PROBLEM REQUIREMENTS: Once the line containing "this 2212×1659 image." is found, copy that line and all remaining lines of the records exactly, including the last one, and add nothing.

Top of SUPPLIED MATERIAL

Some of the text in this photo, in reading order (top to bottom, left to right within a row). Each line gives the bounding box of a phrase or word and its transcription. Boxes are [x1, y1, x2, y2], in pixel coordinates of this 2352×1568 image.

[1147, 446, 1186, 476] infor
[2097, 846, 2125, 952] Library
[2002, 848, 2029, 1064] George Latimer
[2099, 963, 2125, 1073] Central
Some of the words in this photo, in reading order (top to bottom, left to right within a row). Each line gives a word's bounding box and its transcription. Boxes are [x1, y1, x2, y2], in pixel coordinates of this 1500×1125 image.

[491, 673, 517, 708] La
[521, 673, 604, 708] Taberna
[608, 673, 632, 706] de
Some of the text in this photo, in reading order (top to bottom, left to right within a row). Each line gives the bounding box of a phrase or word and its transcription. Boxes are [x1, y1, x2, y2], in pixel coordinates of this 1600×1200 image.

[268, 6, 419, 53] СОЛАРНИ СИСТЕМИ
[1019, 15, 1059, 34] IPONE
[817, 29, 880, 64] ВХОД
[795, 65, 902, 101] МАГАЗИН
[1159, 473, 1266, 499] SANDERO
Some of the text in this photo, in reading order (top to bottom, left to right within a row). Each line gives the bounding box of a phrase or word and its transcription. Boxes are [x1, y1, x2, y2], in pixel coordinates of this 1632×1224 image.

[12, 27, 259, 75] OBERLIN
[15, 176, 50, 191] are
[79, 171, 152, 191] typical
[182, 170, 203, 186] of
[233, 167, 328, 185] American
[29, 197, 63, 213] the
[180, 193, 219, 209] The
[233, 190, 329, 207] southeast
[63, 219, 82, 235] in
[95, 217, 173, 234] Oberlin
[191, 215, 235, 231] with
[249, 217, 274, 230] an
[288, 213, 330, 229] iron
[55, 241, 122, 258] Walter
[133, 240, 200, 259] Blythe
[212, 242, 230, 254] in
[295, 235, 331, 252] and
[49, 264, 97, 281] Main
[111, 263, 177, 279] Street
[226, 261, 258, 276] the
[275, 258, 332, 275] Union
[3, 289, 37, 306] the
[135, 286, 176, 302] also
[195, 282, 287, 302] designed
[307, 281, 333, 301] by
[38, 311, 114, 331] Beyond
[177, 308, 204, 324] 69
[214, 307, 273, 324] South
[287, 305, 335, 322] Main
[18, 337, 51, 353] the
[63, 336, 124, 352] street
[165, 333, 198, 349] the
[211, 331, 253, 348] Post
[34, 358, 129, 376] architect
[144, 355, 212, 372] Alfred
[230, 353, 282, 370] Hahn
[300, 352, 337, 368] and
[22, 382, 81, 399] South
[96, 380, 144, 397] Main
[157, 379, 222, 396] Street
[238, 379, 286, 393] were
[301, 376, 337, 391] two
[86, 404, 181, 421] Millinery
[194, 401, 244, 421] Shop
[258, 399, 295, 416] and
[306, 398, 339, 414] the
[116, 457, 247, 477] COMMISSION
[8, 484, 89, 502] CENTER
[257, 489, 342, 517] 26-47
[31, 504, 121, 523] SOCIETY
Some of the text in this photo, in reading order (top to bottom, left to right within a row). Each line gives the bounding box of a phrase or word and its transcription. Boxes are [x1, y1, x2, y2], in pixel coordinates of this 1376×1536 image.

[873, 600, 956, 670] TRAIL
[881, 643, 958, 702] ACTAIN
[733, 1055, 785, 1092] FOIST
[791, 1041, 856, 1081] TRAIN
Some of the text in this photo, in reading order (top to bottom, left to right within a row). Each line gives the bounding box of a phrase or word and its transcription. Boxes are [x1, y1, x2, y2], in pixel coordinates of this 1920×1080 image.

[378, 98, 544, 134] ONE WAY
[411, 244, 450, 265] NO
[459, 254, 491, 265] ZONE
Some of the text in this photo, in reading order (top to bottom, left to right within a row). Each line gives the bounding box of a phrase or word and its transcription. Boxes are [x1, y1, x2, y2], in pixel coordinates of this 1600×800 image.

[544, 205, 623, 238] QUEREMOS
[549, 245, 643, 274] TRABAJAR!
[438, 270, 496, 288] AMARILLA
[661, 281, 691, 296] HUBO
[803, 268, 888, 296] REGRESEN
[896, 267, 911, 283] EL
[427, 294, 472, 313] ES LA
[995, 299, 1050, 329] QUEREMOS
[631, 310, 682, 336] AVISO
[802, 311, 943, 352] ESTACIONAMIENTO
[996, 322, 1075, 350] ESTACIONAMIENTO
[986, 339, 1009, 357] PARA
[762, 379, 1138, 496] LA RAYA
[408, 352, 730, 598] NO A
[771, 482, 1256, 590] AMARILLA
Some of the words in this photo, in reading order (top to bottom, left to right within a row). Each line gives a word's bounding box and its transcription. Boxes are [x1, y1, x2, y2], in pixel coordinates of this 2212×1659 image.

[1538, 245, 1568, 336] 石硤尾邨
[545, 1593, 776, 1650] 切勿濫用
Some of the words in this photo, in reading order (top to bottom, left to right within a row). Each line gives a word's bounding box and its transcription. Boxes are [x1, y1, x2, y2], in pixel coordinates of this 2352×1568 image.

Bottom of SUPPLIED MATERIAL

EXERCISE RESPONSE:
Some of the words in this photo, in reading order (top to bottom, left to right within a row). Each line gives a word's bounding box and its transcription. Boxes are [x1, y1, x2, y2], in pixel coordinates of this 2212×1659 image.

[1538, 245, 1568, 336] 石硤尾邨
[545, 1593, 776, 1650] 切勿濫用
Some of the words in this photo, in reading order (top to bottom, left to right within a row). Each line gives a word's bounding box and its transcription. Boxes are [x1, y1, x2, y2], in pixel coordinates of this 2352×1568 image.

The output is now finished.